Token Perturbation Guidance for Diffusion Models¶

Conference: NeurIPS 2025 arXiv: 2506.10036 Code: https://github.com/TaatiTeam/Token-Perturbation-Guidance Area: Diffusion Models / Image Generation Keywords: Training-free guidance, token perturbation, unconditional generation, CFG alternative, diffusion models

TL;DR¶

This paper proposes Token Perturbation Guidance (TPG), which constructs a negative score signal by applying norm-preserving shuffling perturbations to intermediate token representations in diffusion models, enabling training-free, condition-agnostic guidance. TPG improves the FID of SDXL by nearly 2× in unconditional generation and approaches CFG-level performance in conditional generation.

Background & Motivation¶

Classifier-Free Guidance (CFG) is a cornerstone technique for improving generation quality and condition alignment in modern diffusion models, yet it has two fundamental limitations: (1) it is applicable only to conditional generation and cannot be used for unconditional generation; and (2) it requires a specific training strategy (randomly replacing conditions with null conditions).

Several training-free alternatives have been proposed—SAG (Self-Attention Guidance), PAG (Perturbed Attention Guidance), and SEG (Smooth Energy Guidance)—which construct guidance signals by manipulating attention layers. However, their improvements remain limited, particularly in prompt alignment and unconditional generation quality, falling well short of CFG.

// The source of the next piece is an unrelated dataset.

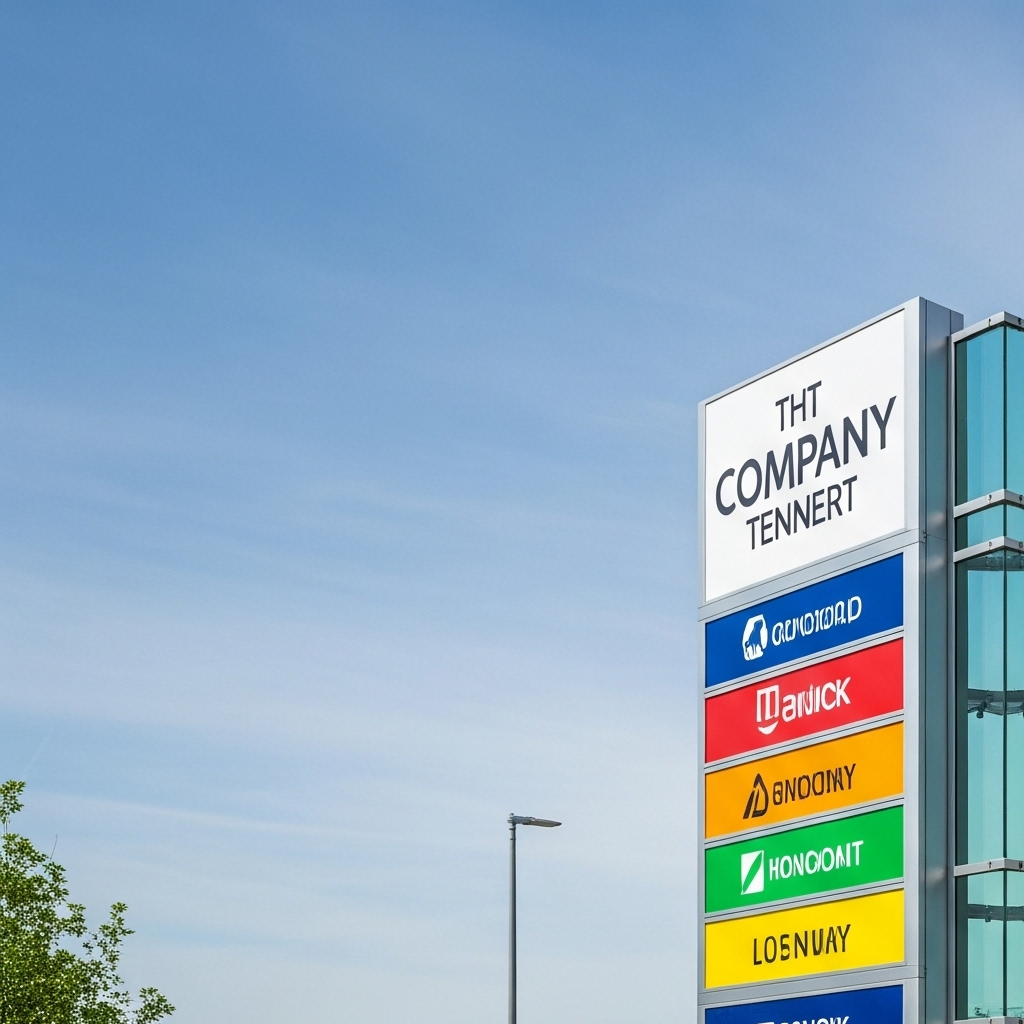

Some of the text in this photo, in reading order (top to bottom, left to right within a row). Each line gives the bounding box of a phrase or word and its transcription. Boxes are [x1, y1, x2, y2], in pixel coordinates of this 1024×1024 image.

[775, 380, 822, 432] THT
[715, 395, 897, 516] COMPANY
[746, 474, 858, 550] TENNERT

A core observation motivating this work is that PAG and SEG produce overly smooth results during the early denoising steps, which are critical for establishing global structure and coarse semantics. Insufficient guidance at this stage may prevent the model from recovering from high-level semantic misalignment, explaining why existing methods yield only marginal improvements in prompt alignment and generation quality.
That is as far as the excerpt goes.